Lessons from underground nuclear tests and explosive volcanoes may hold the answer to how a category of unusual impact craters formed on Mars.

The craters feature a thin-layered outer deposit that extends well beyond the typical range of ejecta, said Nadine Barlow, professor of physics and astronomy at Northern Arizona University.

A low-aspect-ratio layered ejecta crater on Mars.

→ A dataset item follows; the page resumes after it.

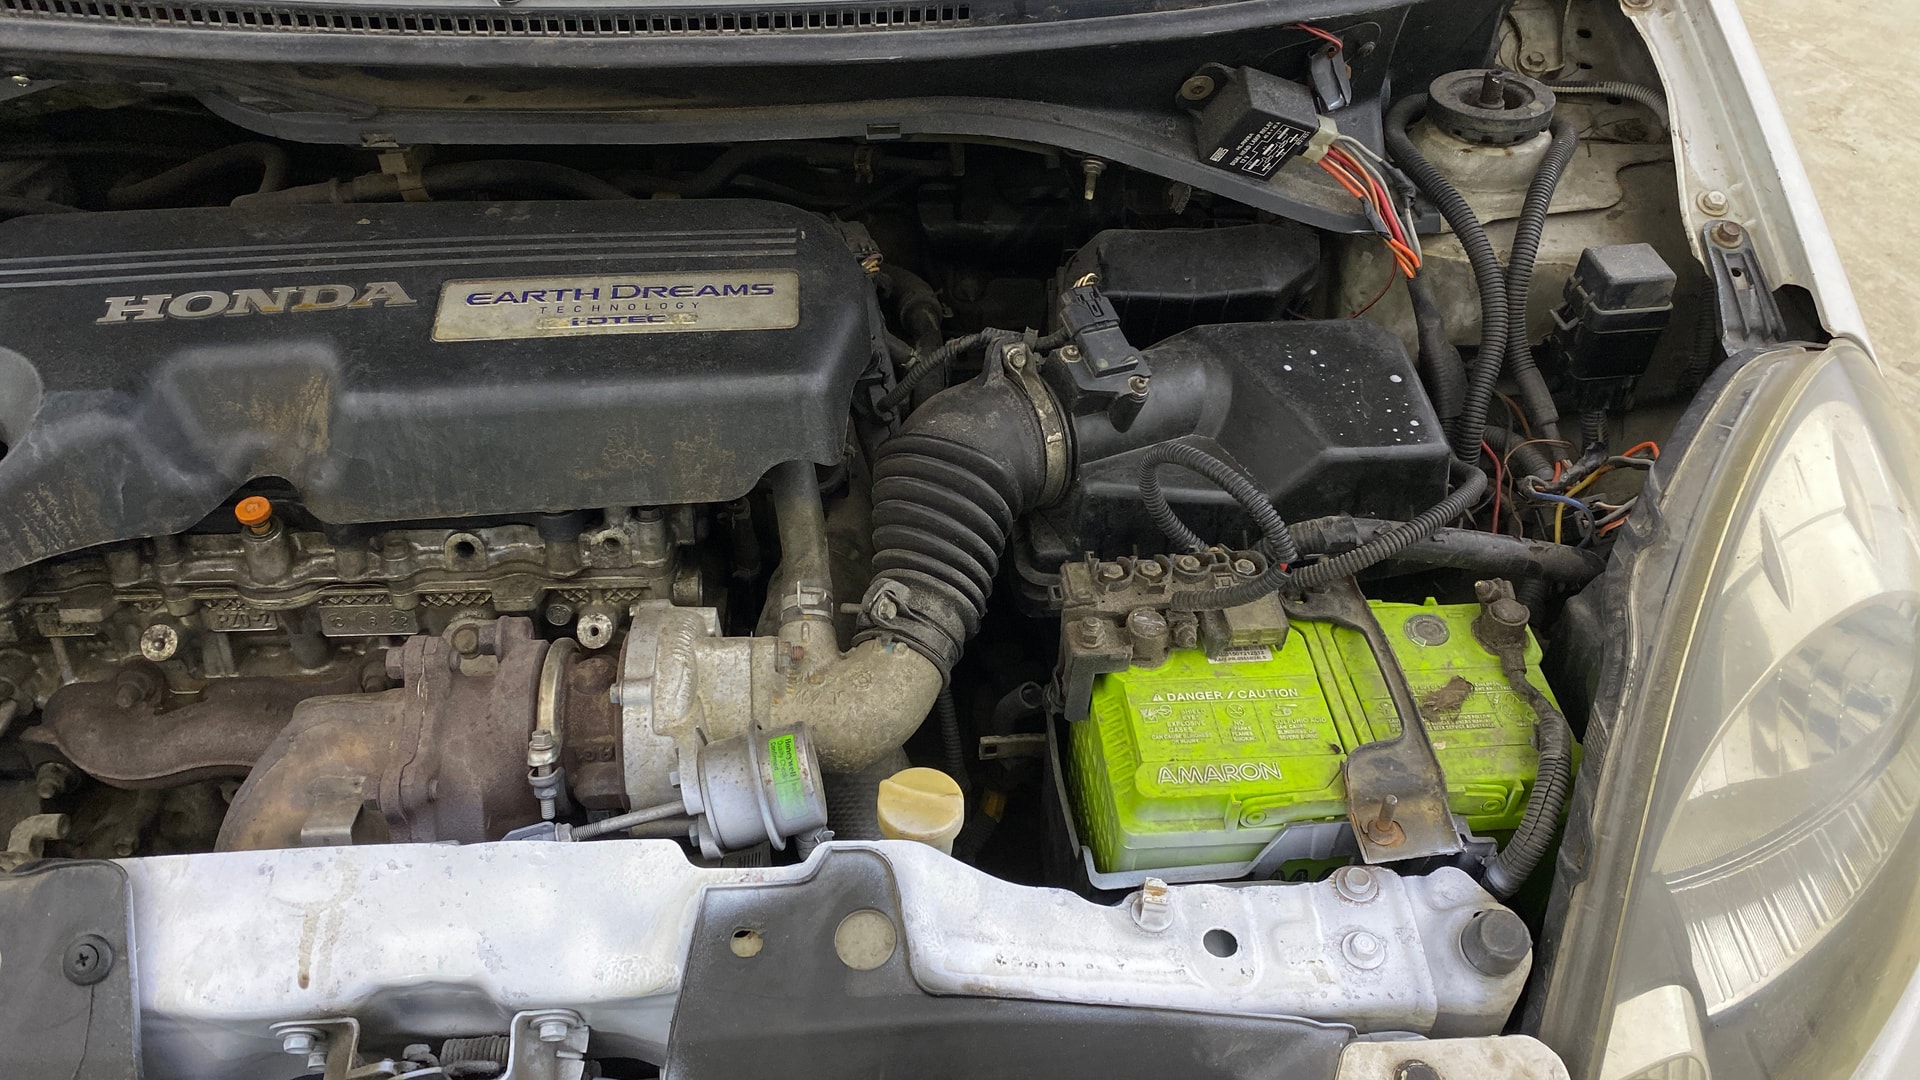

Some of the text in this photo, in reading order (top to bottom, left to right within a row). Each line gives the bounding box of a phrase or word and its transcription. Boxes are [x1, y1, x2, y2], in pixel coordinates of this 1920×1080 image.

She has given them a name—Low-Aspect-Ratio Layered Ejecta Craters—and presented the findings this week at the American Astronomical Society Division for Planetary Sciences in Denver.

Barlow found the LARLE craters while poring over high-resolution images to update her highly popular catalog of Martian craters.

“I had to ask, ‘What is going on here?’ “ Barlow said.

Delving into “explosion literature,” Barlow said she and her collaborators learned more about a phenomenon known as base surge. After a large explosion, fine-grain material forms a cloud and moves out along the surface. The cloud erodes the surface and picks up more material, creating an extensive outer deposit.

By adjusting equations from volcano research for Martian conditions, Barlow said, the researchers, including Joe Boyce, an NAU alum from the University of Hawaii, could accurately explain the “thin, sinuous, almost flame-like deposits.”

“So we think we’re on to something,” Barlow said.

The craters are found primarily at higher latitudes, a location that correlates with thick, fine-grained sedimentary deposits rich with subsurface ice. “The combination helps vaporize the materials and create a base flow surge,” Barlow said. The low aspect ratio refers to how thin the deposits are relative to the area they cover.

Barlow, Boyce and Lionel Wilson, of Lancaster University, relied on the stream of data that continues to flow from ongoing surveillance of Mars. Older data from the Mars Odyssey Orbiter was used for a global survey, but more detailed studies referred to high-resolution images from the Mars Reconnaissance Orbiter—about six meters per pixel.

“We’re looking in more detail at these deposits to find out what their characteristics are,” Barlow said. “We can see dune-like structures and the hollows that occur in the outer deposit.”

Barlow said she hopes to complete the revision of her catalog within a year, and welcomes surprises such as the LARLE finding along the way.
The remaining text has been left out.